Today it is my pleasure to hand the blog over to Mandie who has a blog tour review fo The After Wife by Cass Hunter. With thanks to Tracy Fenton for the invite to join the tour and to publishers Trapeze for the advance copy for review. Here is what it’s all about.

tawAbout the Book

‘Grab a box of tissues because this beautiful story will make you cry’ Amazon reviewer, 5 stars

A surprising and emotional story starring an unforgettable heroine, for fans of Together, The Summer of Impossible Things and The Time Traveler’s Wife

When Rachel and Aidan fell in love, they thought it was forever.

She was a brilliant, high-flying scientist. He was her loving and supportive husband.

Now she’s gone, and Aidan must carry on and raise their daughter alone.

But Rachel has left behind her life’s work, a gift of love to see them through the dark days after her death.

A gift called iRachel.

If you liked Eleanor Oliphant is Completely Fine or The Summer of Impossible Things, you’ll love The After Wife

I am going to have to admit that when I started reading The After Wife I was not sure if it was something I was going to enjoy as I had seen lots of reviews saying what an emotional book this was and I am not usually a big fan of this type of story. That being said I am glad that I stepped out of my comfort zone and gave this book a chance as I really enjoyed it and found that it challenged my thinking.

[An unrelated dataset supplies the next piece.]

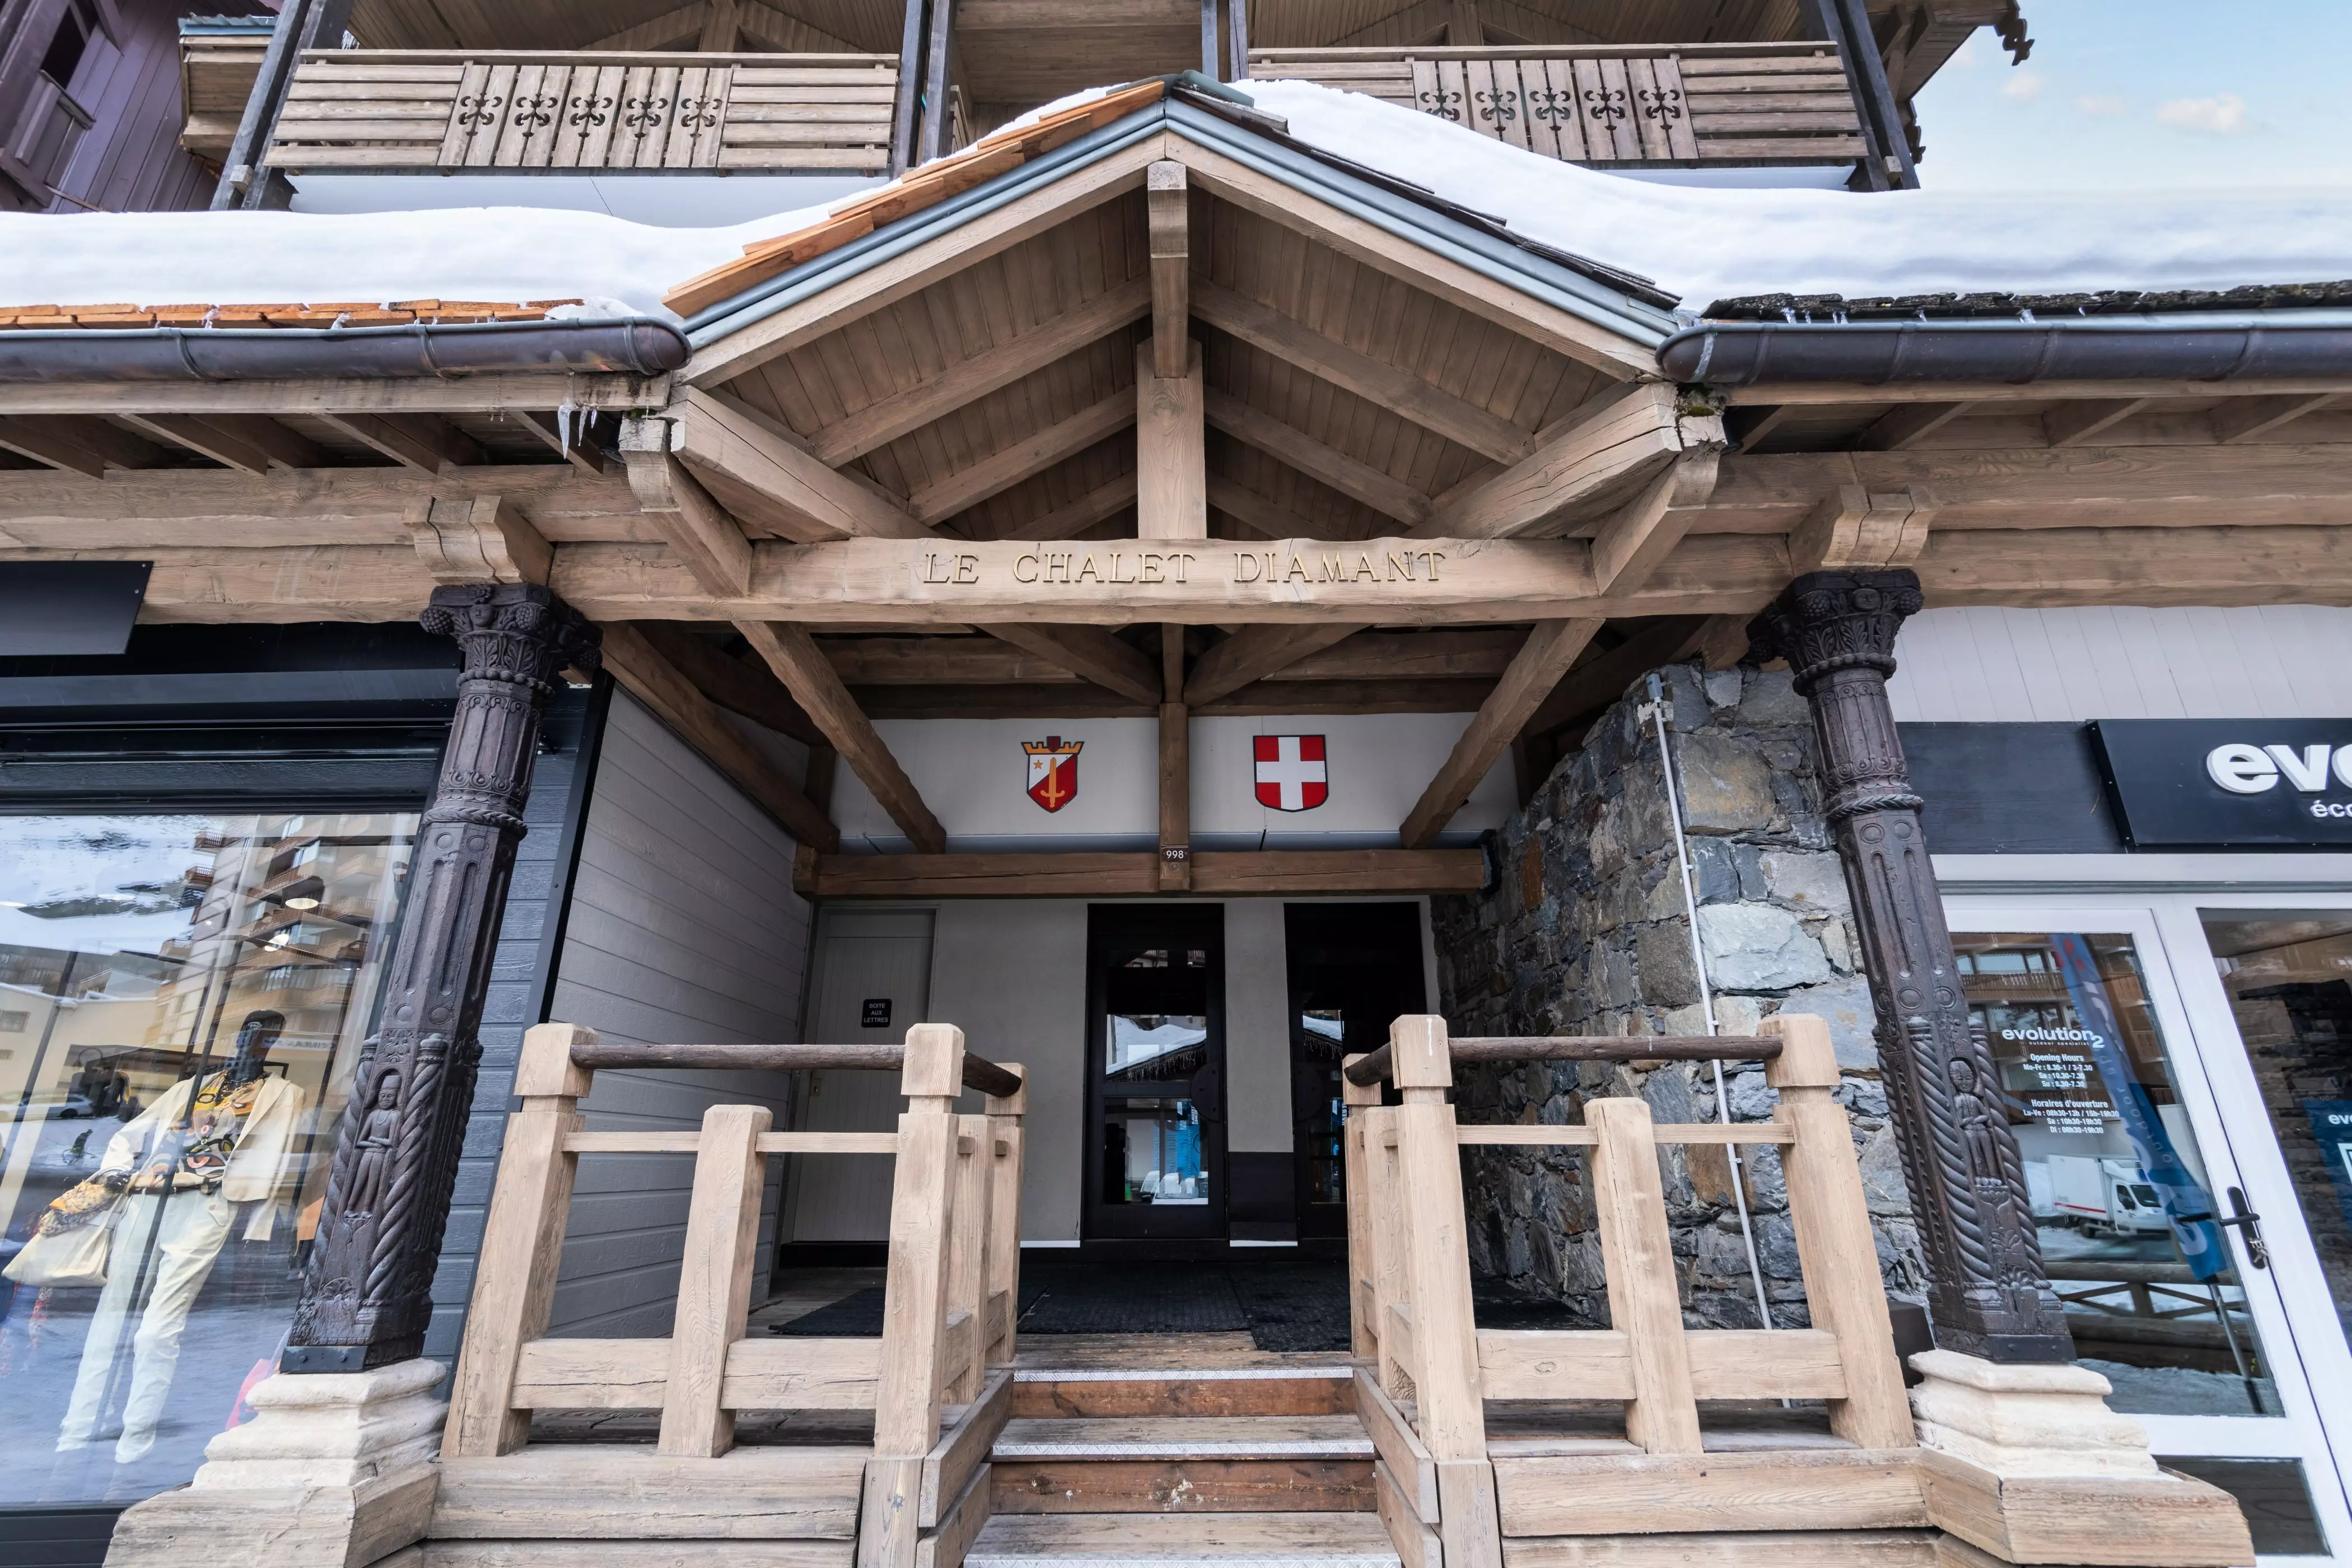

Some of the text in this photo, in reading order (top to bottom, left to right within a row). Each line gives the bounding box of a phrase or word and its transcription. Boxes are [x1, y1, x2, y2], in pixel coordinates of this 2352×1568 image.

[923, 551, 1446, 584] LE CHALET DIAMANT
[1166, 850, 1184, 858] 998
[2030, 1053, 2061, 1063] Opening

When Dr Rachel Prosper died suddenly from a brain aneurysm the secrets of her work had to be shared with her grieving family in order for it to be completed. Much to her work colleagues Luke’s disgust he has to deliver iRachel to them or any progress they have made will be wiped forever. I am not sure how I would feel to have an AI robot living in my home, never mind one that looked like a recently departed relative. At first I felt the whole thing was a little creepy and a little egotistical on the part of Rachel especially as there were the feelings of a vulnerable teenager to consider. It was almost as if her project was more important than even the feelings of her husband and daughter.

The more I got into the book, the more I changed my opinion of what Rachel had clearly hoped to achieve. iRachel was being developed to help people, whether it be through illness, loneliness or just in general day to day chores. By creating the prototype in her own image she was trying to help her family through their grieving process even if they didn’t quite see it that way in the beginning. Over time both Aiden and Chloe accepted iRachel into their lives and found comfort in the hidden memories that came out at just the right time. By the end of the book they were ready and able to say goodbye to both iRachel and Rachel.

I think that anyone reading this book will certainly get a different view on what might be possible in the future. As I said at the beginning of my review The After Wife really challenged my thinking as I went from thinking that the whole concept was just too odd and unthinkable to contemplating the endless possibilities that this type of technology could achieve. This is a definite must for anyone who is looking for something that is a little bit different but at the same time deals with the real emotions of love, loss and finding the way to cope with them both.

If you would like a copy of The After Wife you can find it at the following retailers:

Amazon UK ~ Amazon US ~ Kobo ~ Waterstones

About the Author

Cass Hunter was born in South Africa and moved to the UK in 2000. She lives in North London with her husband and two sons. She is an avid lifelong learner, and works at a London university. Cass Hunter is the pen name of Rosie Fiore, whose novels include After Isabella, What She Left, Babies in Waiting and Wonder Women.